The hour-long film touched on McGuire’s widely-condemned King Kong comments as well as the racial slur Goodes copped from a 13-year-old Collingwood supporter. The two-time Brownlow Medallist, who won two premierships with the Sydney Swans and was also named Australian of the year in 2014, was booed at subsequent AFL games and announced his retirement shortly after.

Director Ian Darling has previously said the film is an unflinching look at “what racism looks like”.

“One of our greatest footballers, who happened to be Indigenous and a proud Australian of the Year, was literally booed out of the game,” he said. “Adam did so much talking over that period – far more than I realised [before starting the documentary]. The problem was that as a nation, we didn’t listen to him. So you can see as the film unfolds how it has affected him so profoundly.”

AFL staff have since apologised to Goodes, admitting they did not do enough to “call out” racism and discrimination.

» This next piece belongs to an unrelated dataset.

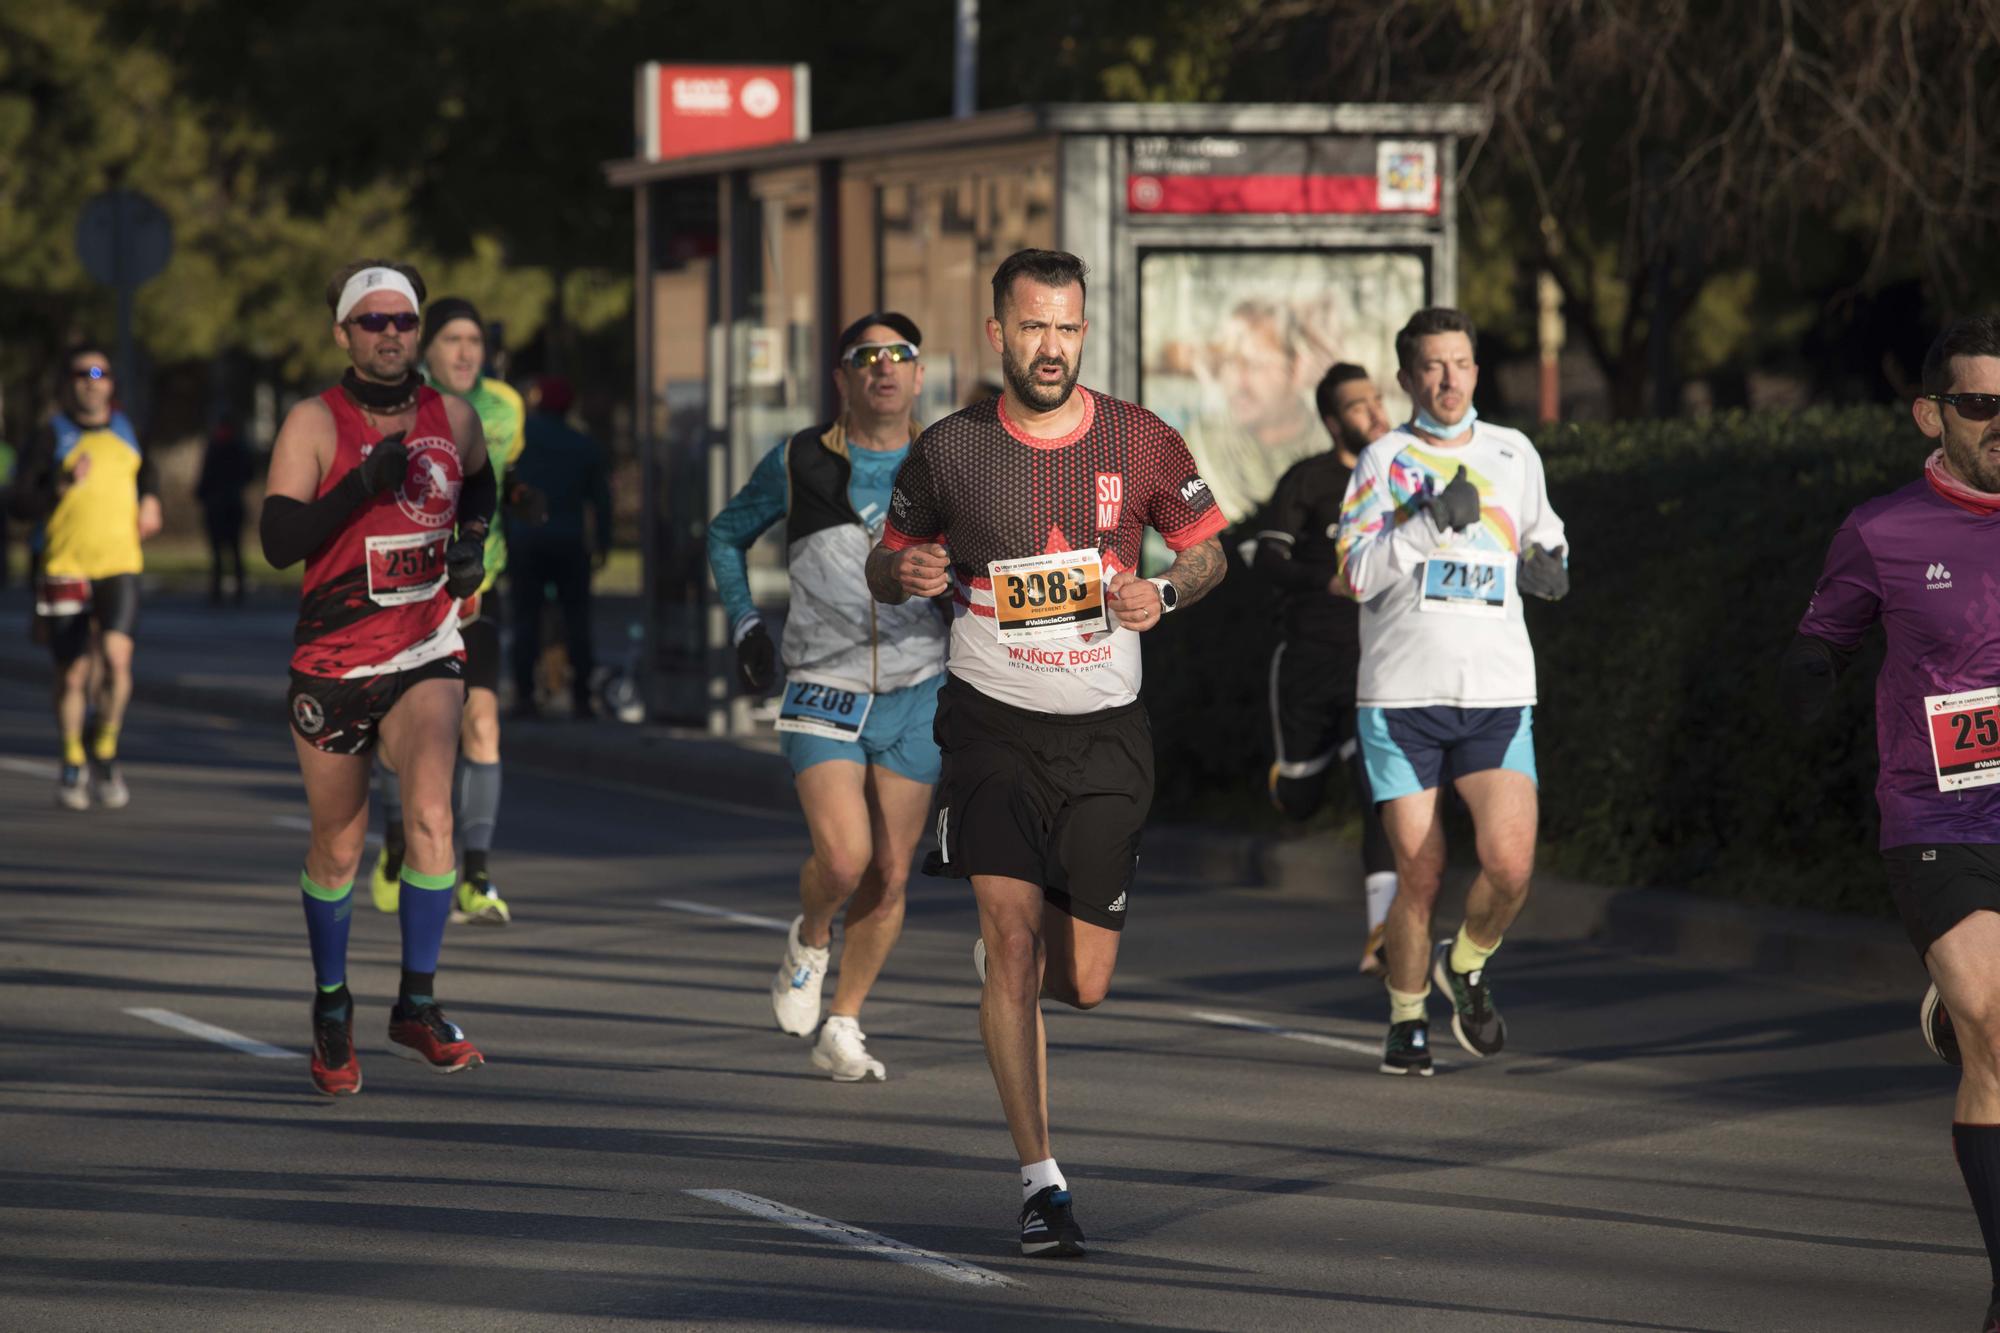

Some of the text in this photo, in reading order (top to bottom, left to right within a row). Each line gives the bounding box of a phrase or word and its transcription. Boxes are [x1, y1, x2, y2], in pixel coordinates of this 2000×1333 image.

My second example of good media is ABC News, particularly their drought coverage this week. So important, and so good that we got to hear these stories! For example:

Gippsland farmers in their third year of drought are estimated to have lost as much as 70 per cent of their regular income.

The situation is now described as a “green drought”, where paddocks look green from a distance, however pasture growth is hamstrung by low rainfall and grass growth is stymied by weeds.

Rodwells Sale agronomist, Casey Willis, said these weeds had limited nutritional value.

“A green drought is a drought through the wintertime where we have a green cover but there’s no actual growth coming from any desirable pasture species,” Ms Willis said….”

“A lot of what’s being grown in paddocks at the moment is weeds and they have little to no nutritional value for stock.